AM: What was your biggest challenge and how did you overcome it?
GG: As a parent, when something does not go right for any one of your children — that is a challenge that trumps all challenges. My son was dealing with an addiction that was partially the result of the divorce between his father and me. The consequences of this problem were overwhelming. At the time, I was working full-time, serving as OCA’s National President, helping with the care of aging parents and being a new grandmother. I still look back and think about that period of my life and am not sure how I survived. But I did.
I rolled up my sleeves and did what needed to be done. I made many decisions along the way, including one that involved sending my son to a rehab center away from the area and committing to a program that was quite costly. My son and I survived this experience and we are both better off for having gone through it.
That was the past. My son is doing beautifully. He made a commitment to helping others and enrolled in a Masters Program for Mental Health Counseling — from which he will be graduating the end of this month. I am so proud of him and for what he has been able to overcome and accomplish. Now he is on the road to helping others. What more can a parent ask for? Life goes on and each day brings new challenges and new gifts.

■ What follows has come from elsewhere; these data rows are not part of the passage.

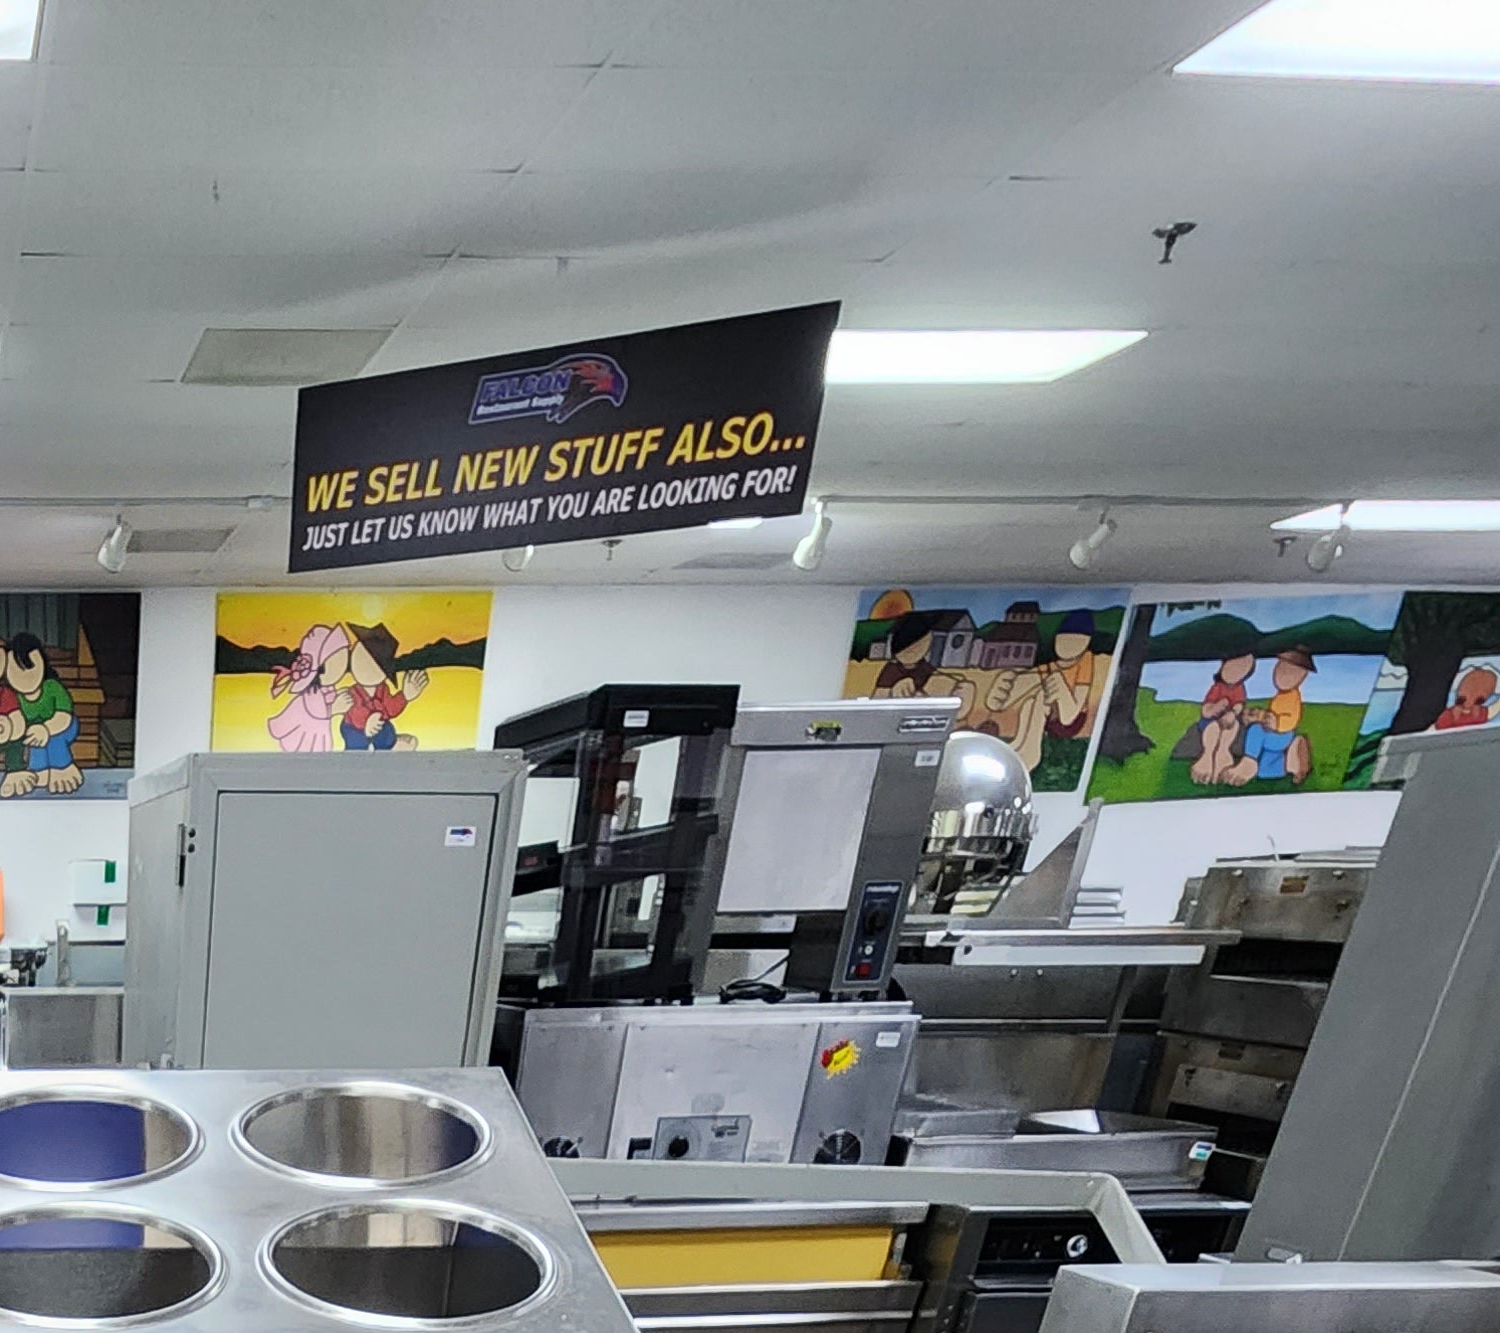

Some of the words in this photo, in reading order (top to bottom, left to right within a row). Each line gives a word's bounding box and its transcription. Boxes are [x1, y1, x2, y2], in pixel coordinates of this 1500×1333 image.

[480, 369, 573, 403] FALCON
[307, 471, 359, 513] WE
[364, 459, 443, 506] SELL
[453, 444, 541, 494] NEW
[543, 427, 665, 482] STUFF
[665, 411, 806, 467] ALSO...
[302, 522, 350, 551] JUST
[351, 517, 386, 545] LET
[388, 514, 416, 540] US
[417, 505, 480, 537] KNOW
[482, 498, 544, 529] WHAT
[546, 491, 591, 521] YOU
[591, 485, 637, 516] ARE
[637, 472, 740, 511] LOOKING
[741, 465, 798, 498] FOR!

AM: What is your definition of success?
GG: Success is measured in the amount of freedom we have to do what we really want to do. Professionally, as the Director of a government agency, I have reached a level of authority and influence. People in decision-making positions take my calls. Financially, I am at a point where I can do what I want to do, within limits. I do not live a luxurious life of extras but I have enough to afford me a comfortable life. Emotionally, I am surrounded by three wonderful children who are living their adult lives as they have chosen but know that I will always be there whenever they need me. And I am blessed with so many wonderful, loyal friends whose company I value. According to my definition, I am very successful.